Wednesday, October 10, 2012


Don’t be shy – it’s time to prove you are the retiring type

Marie Ainsworth 

Have you ever looked out the window on a cold, wet, windy, miserable day and thought: “God, I’d hate to be out there on a day like this with no home to go to ...

The stark reality is that this country is facing hard times and while we all hope that we’ll come out the other side of this recession as a wise and stronger nation, there are some legacy issues that are just not going to go away.


One of the biggest is that of the “pensions crisis”, and not just for Ireland but most western nations. Let us put it in some context. The state pension bill — the retirement income paid to both state employees and all beneficiaries of the state pension — is increasing daily. It is paid from taxes collected on a daily basis.

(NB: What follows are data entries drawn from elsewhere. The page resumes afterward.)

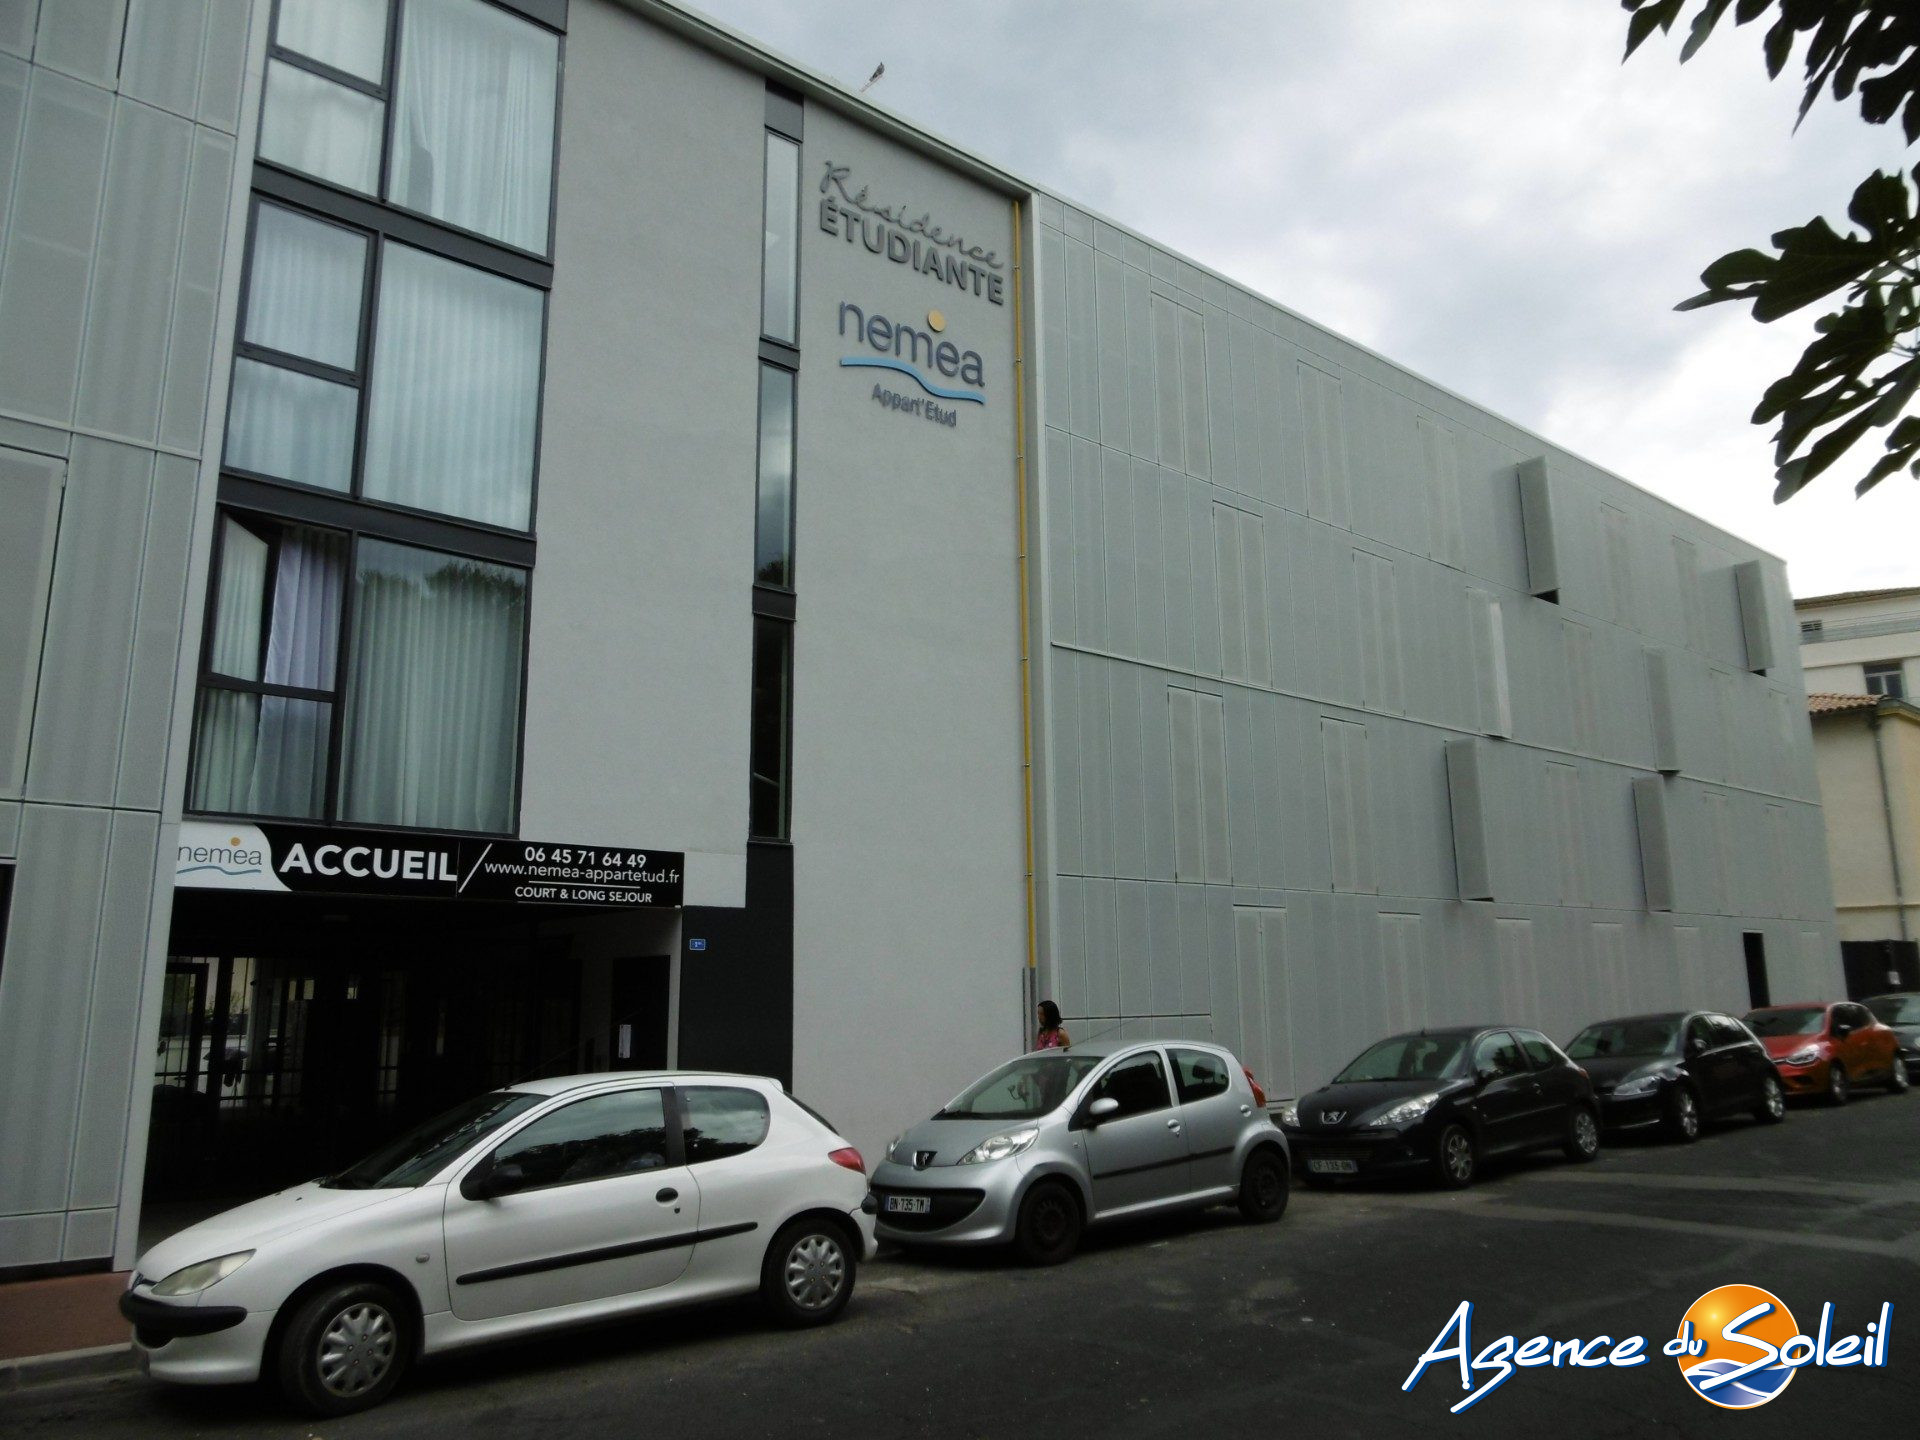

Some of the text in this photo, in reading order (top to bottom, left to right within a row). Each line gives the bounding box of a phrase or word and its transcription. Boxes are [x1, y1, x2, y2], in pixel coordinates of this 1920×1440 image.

[820, 160, 1004, 268] Résidence
[820, 197, 1004, 305] ÉTUDIANTE
[839, 301, 985, 387] nemea
[177, 846, 262, 866] nemea
[279, 843, 457, 882] ACCUEIL
[525, 847, 647, 868] 06 45 71 64 49
[485, 861, 679, 883] www.nemea-appartetud.fr
[515, 887, 652, 903] COURT & LONG SEJOUR

If our workforce keeps shrinking — as it has been since 2009 (and by 33,400 in the past year alone to June 2012) — this has to result in an increase in taxes and PRSI contributions which pay the ongoing benefits, or in smaller pensions. Life expectancy has also been steadily increasing and pensions, including the state pension, must now be paid for longer. According to the National Pensions Framework report, by 2050, when workers who are just joining the workforce today are ready to retire, the number of over-65s will have doubled and will make up 28% of the total population and equal nearly 50% of the 15-64 age cohort.

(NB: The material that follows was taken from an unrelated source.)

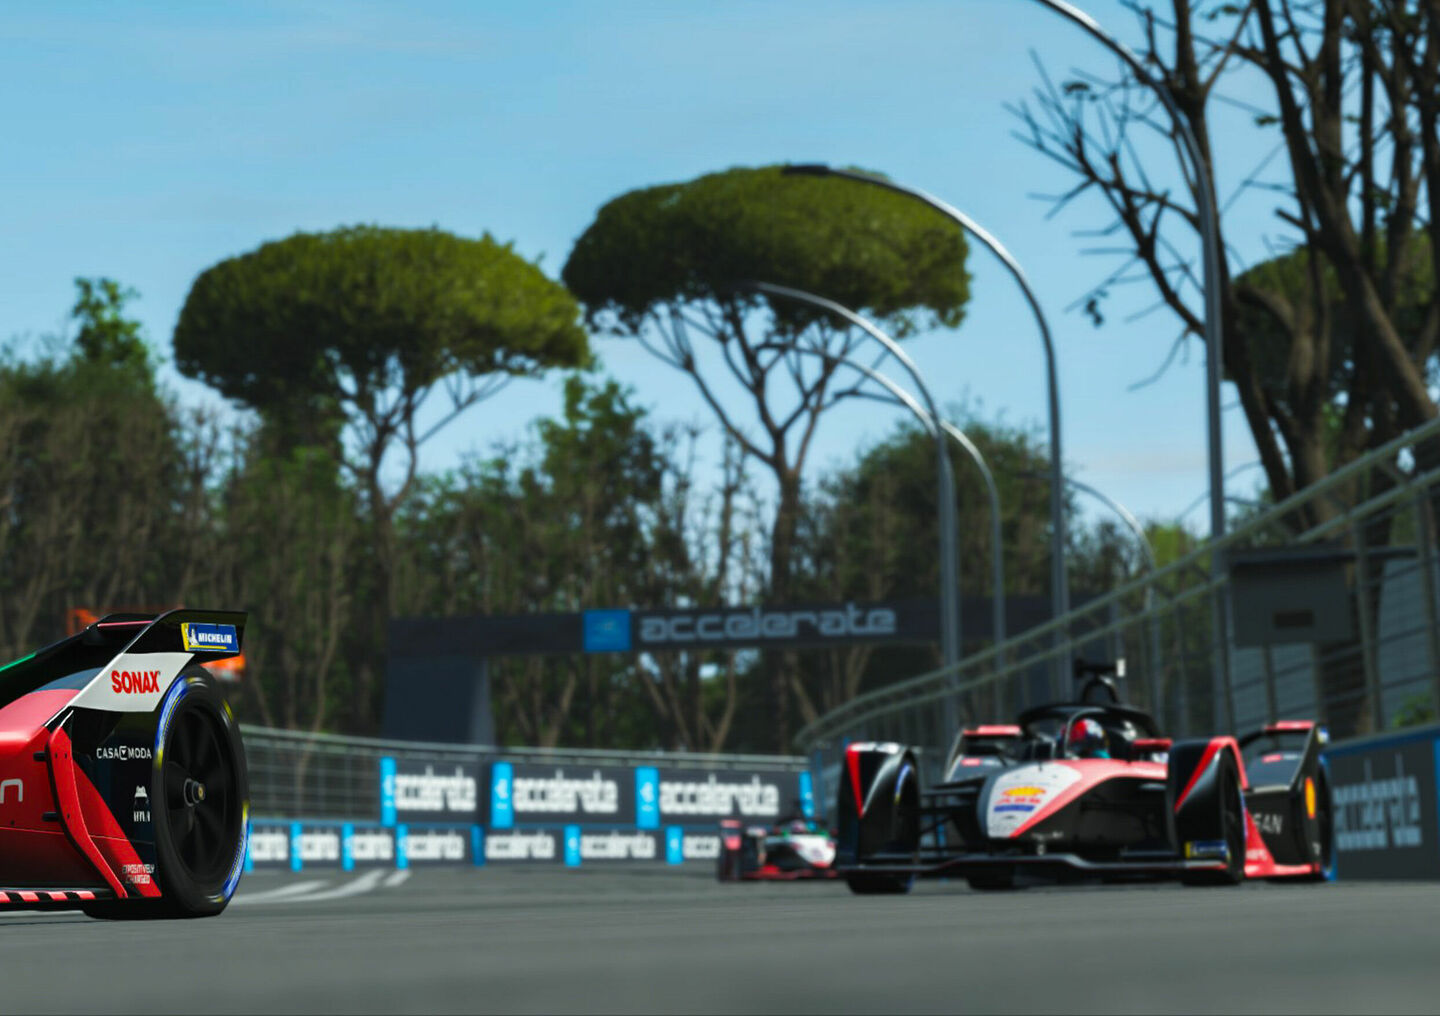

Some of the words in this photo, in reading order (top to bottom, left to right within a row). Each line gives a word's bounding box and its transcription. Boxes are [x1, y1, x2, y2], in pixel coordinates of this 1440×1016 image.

Up to 2011, there were six working people to each pensioner. By 2021 there will be only three workers to each pensioner. If you are currently under the age of 57, you will not be entitled to your state pension until you are 68 and it is expected that this retirement age will most likely be moved to 70 if the state pension system is to have any hope of survival.
In the light of all this negative employment and demographic evidence, the question that everyone should be asking themselves now is: if your employer have plans to retire you off at 65, do you have sufficient savings or a private pension to live off until your state pension payment falls due?

With our government under so much pressure from its European and International Monetary Fund paymasters to keep cutting social welfare benefits, you may be forgiven for wondering if there will even be a state pension worth claiming in a decade’s time?
And on it goes...

If it is any consolation, we are not alone. Governments across the western world are having to deal with the enormity of the no-money and ageing population problem, and many are making it compulsory for all workers to contribute to private pensions. From next week, the UK auto-enrolment occupational pension scheme will be rolled out in an effort to increase private pension membership. Anyone aged 22 or over, earning more than £8,105 (€10,150) a year and employed for three months or more, will be made a member of an employer’s existing occupational pension scheme. Similar schemes already exist in Australia and New Zealand and have been under discussion here for several years.

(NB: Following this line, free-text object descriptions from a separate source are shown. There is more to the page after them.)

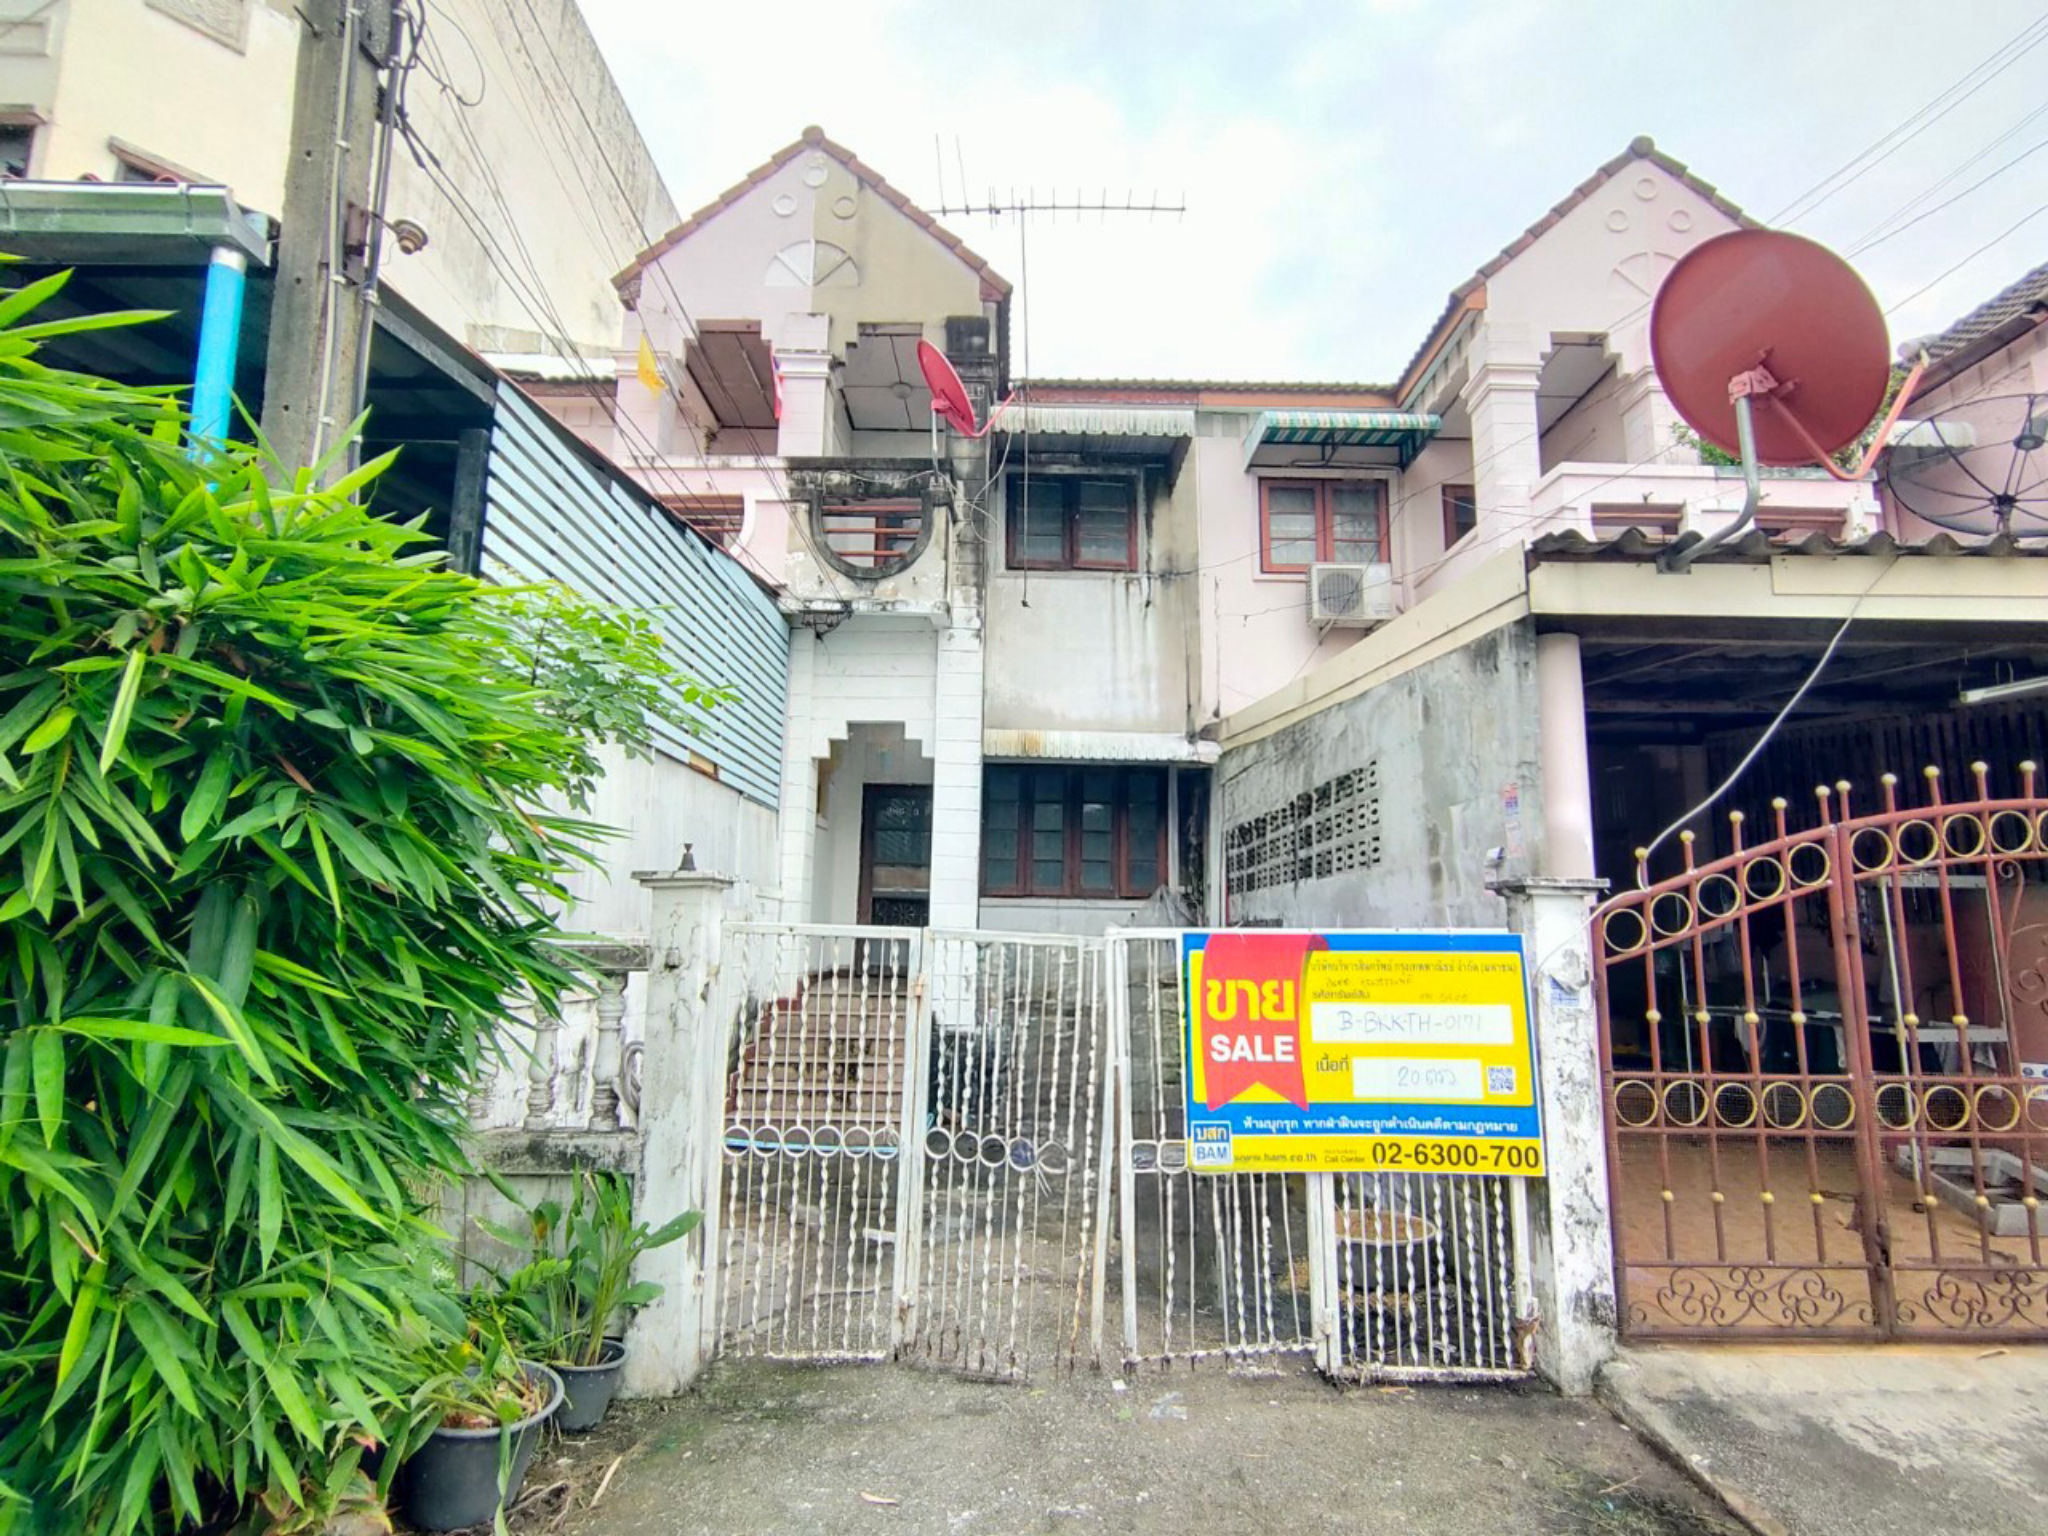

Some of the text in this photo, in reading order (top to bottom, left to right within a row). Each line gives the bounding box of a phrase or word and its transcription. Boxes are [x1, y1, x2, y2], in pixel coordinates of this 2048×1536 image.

[1206, 979, 1295, 1021] ขาย
[1210, 1034, 1295, 1063] SALE
[1315, 1052, 1350, 1073] เนื้อที่
[1196, 1146, 1227, 1161] BAM
[1372, 1142, 1540, 1168] 02-6300-700

There is an old adage: “How do you eat an elephant? Answer — One bite at a time.”
The only way Irish workers — and I believe these must include those employed by the state as well as those in the private sector — are going to avoid a financially meagre old age is to start saving early and increase their savings annually. If an employer offers to contribute into the employee’s plan, the long-term benefit will be significant. If he offers a death and/or disability plan, all the better as this allows you to pay even more into your pension fund.

Anyone who is 10 or more years away from retirement has to include real growth assets in their pension portfolio by diversifying across a broad range of assets. While it must always aim to get a return at least above the true rate of inflation, no pension fund is going to grow sufficiently if the holder doesn’t also keep an eye on product charges and fees.
Poor fund returns and the widespread disillusionment with formal retirement saving is the product of a litany of bad industry practices, high charges, volatile markets and a huge amount of ignorance and apathy by employers and employees. The only way to reverse this is to take the time to understand how the pension operates, what the plan incorporates and then to review it regularly.

There are thousands of people in middle age in this country who regret not getting into the habit of putting aside a small part of their earnings from an early age for their retirement.

Marie Ainsworth is a director of Mount Street Group financial advisers in Dublin.

Monday, September 10, 2012

The Future You Deserve


We all know what happened. A decade when it seemed a whole country had gone mad - spending as though there was no tomorrow. And then tomorrow came. You weren’t part of that. You carried on much as usual – investing prudently – trying to ensure that you’d be secure when you were older. And yet you’re suffering now. You’re a victim of something you didn’t create, didn’t endorse – and likely didn’t benefit from...

People over 50 have weathered other recessions but none quite like this. Interest rates are falling, inflation – and continuing inflation – is a fact of life. Inflation that affects medical and pharmaceutical services – even the basic necessities of life like food and heating and that interest rates cannot keep pace with. The State is no longer the kindly, rich relative who will see us right as regards services and benefits; who will keep the state pension at its present levels. And, of course, we’re all living longer. Not surprisingly, we feel we’re on our own. You’re not.

Your most critical need today is to anchor your savings in an inflation linked vehicle. Not just to save – but to safeguard. And we can help you do that. Mount Street have decades of experience in savings and pensions. Just how safe is your pension? If you’re in a defined benefit or defined contribution scheme, we can address your concerns – help you make the right choices. Should you take a transfer value or leave your benefit in the scheme, should you opt for an Arf or an annuity, for example. What are your future investment options? We can help you put together a financial plan that is a perfect fit for you. Because we listen. Listening is something most institutions claim to do. We actually do it. Because we’ve discovered it is the best way – the only way – to do our job effectively. We’re open in all our dealings – because we’ve found that complete transparency makes life easier for both of us.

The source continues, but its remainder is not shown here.